Lo schiaffo caparra di morte?
A
Casal di Principe o S. Cipriano, nella zona dei Mazzoni, lo schiaffo è caparra di morte? Sembra proprio
di sì e questa storia lo conferma. “Andate
in via Michelangelo Diana, a S. Cipriano, è stato ucciso un uomo”. La
notizia, giunta ai carabinieri era purtroppo vera e questi recatisi sul posto
accertarono che Pasquale De Donato,
un possidente del posto di anni 72, aveva poco tempo prima freddato con vari
colpi di pistola tale Antonio Paolella, un
agricoltore, facoltoso, rissoso e più vendicativo del suo assassino. I
carabinieri accertarono inoltre che il cadavere era stato rimosso dai familiari
e portato nella propria abitazione. Ricercarono subito Pasquale Di Donato (che
alcuni testimoni avevano indicato come il probabile assassino) ma lo
stesso, a conferma dei sospetti, si era già dato alla latitanza. L’esame del
cadavere in sede di autopsia rilevò che era stato attinto alla regione dorsale
con uscita del proiettile dalla parte anteriore del torace nella zona sternale.
I periti settore diagnosticarono che addirittura un proiettile gli aveva
spaccato il cuore in due provocando, così, la morte immediata.
Il movente
Nella
circostanza fu accertato che Girolamo Di Donato, figlio di Pasquale,
aveva sorpreso il giovane Benito Guida
nell’atto di rubare dell’uva in un fondo tenuto in fitto dallo zio di esso, tale Antonio
Paolella,(uva che era di spettanza – a norma di contratto – della proprietà
del fondo signora Clorinda Tancredi). Incollerito, perché credeva di essere
incolpato, quale autore del furto Girolamo Di Donato – che coltivava un fondo
attiguo – aveva redarguito Benito Guida
e ne era scaturito un violento litigio nel corso del quale erano volati ceffoni
e minacce.
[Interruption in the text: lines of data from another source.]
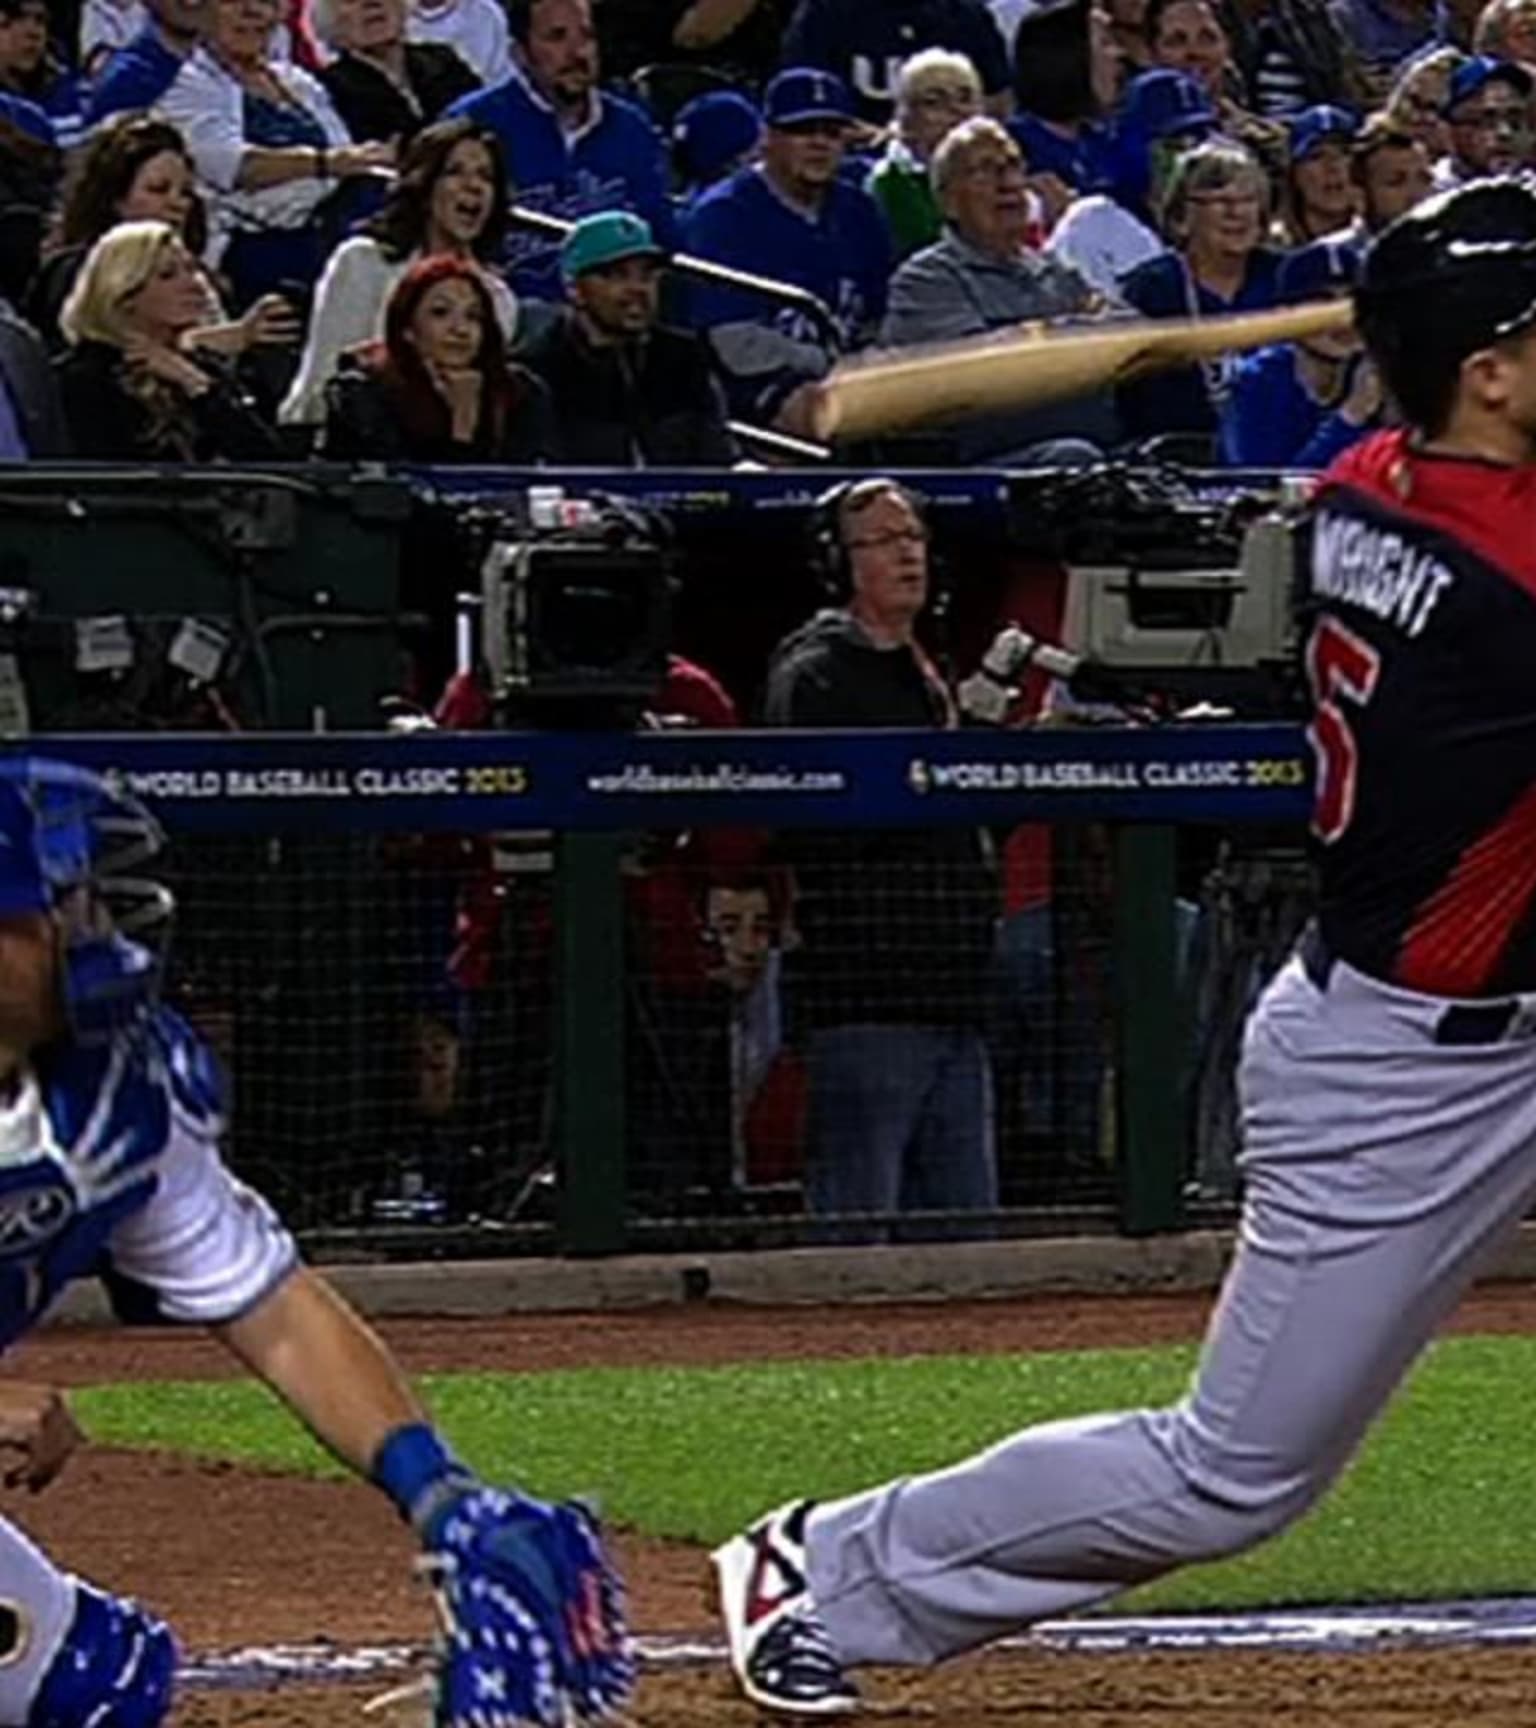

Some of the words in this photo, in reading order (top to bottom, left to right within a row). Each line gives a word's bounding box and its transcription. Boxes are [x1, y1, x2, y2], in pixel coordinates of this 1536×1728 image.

[1311, 508, 1456, 638] WRIGHT
[1305, 611, 1382, 846] 5
[227, 770, 350, 797] BASEBALL
[355, 767, 461, 795] CLASSIC
[933, 762, 1021, 788] WORLD
[1024, 762, 1140, 788] BASEBALL
[1144, 761, 1241, 787] CLASSIC
Avendo il Guida avuto la peggio Pasquale Di Donato, padre di
Girolamo, si era preoccupato (ben
conoscendo i rancori che covavano in zona) di evitare le prevedibili reazioni
dell’altra parte ed aveva preso l’iniziativa di una riconciliazione, pregando tale
Domenico Diana, di recarsi a casa di
Antonio Paolella, zio del Guida, e chiarire la situazione per poter
addivenire alla pacificazione. Purtroppo il Paolella aveva risposto che se ne
sarebbe parlato il giorno successivo, e il Di Donato, informato dal
Diana di tale risposta se ne era allarmato fino al punto di manifestare la
preoccupazione che il Paolella avesse in animo di spingere il nipote a sparare
nel giorno successivo al figlio con il
quale il Guida aveva litigato.
La
preoccupazione del vecchio agricoltore –conoscitore di uomini e usanze della
zona dei Mazzoni – si era avverata. Il giorno successivo, infatti, la mattina
del 7 settembre del 1947, - come il Pasquale Di Donato aveva previsto – il
figlio Girolamo Di Donato, mentre si
trovava sul suo fondo, intento a raccogliere noci, era stato fatto segno a tre
colpi di pistola, fortunatamente andati
a vuoto, esplosigli contro da Benito Guida.
La vendetta
Quanto
era accaduto aveva fatto nascere un proposito di vendetta nell’animo di
Pasquale Di Donato - fermamente convinto – naturalmente che il giovane Guida
avesse sparato per istigazione dello zio Antonio
Paolella, appunto, per attuare la sua vendetta. La mattina del successivo
giorno 8 settembre, Pasquale Di Donato, si era appostato all’imboccatura del vicolo
in cui abitava, in attesa che Antonio
Paolella passasse – come faceva di solito per recarsi ogni mattina in campagna
– ed infatti verso le ore 7 il bersaglio comparve. Appena Antonio Paolella gli era passato davanti, egli si era tenuto dietro
di qualche passo –e senza proferire parola gli aveva esploso contro due colpi
di pistola da una distanza di circa 3 metri ferendolo mortalmente.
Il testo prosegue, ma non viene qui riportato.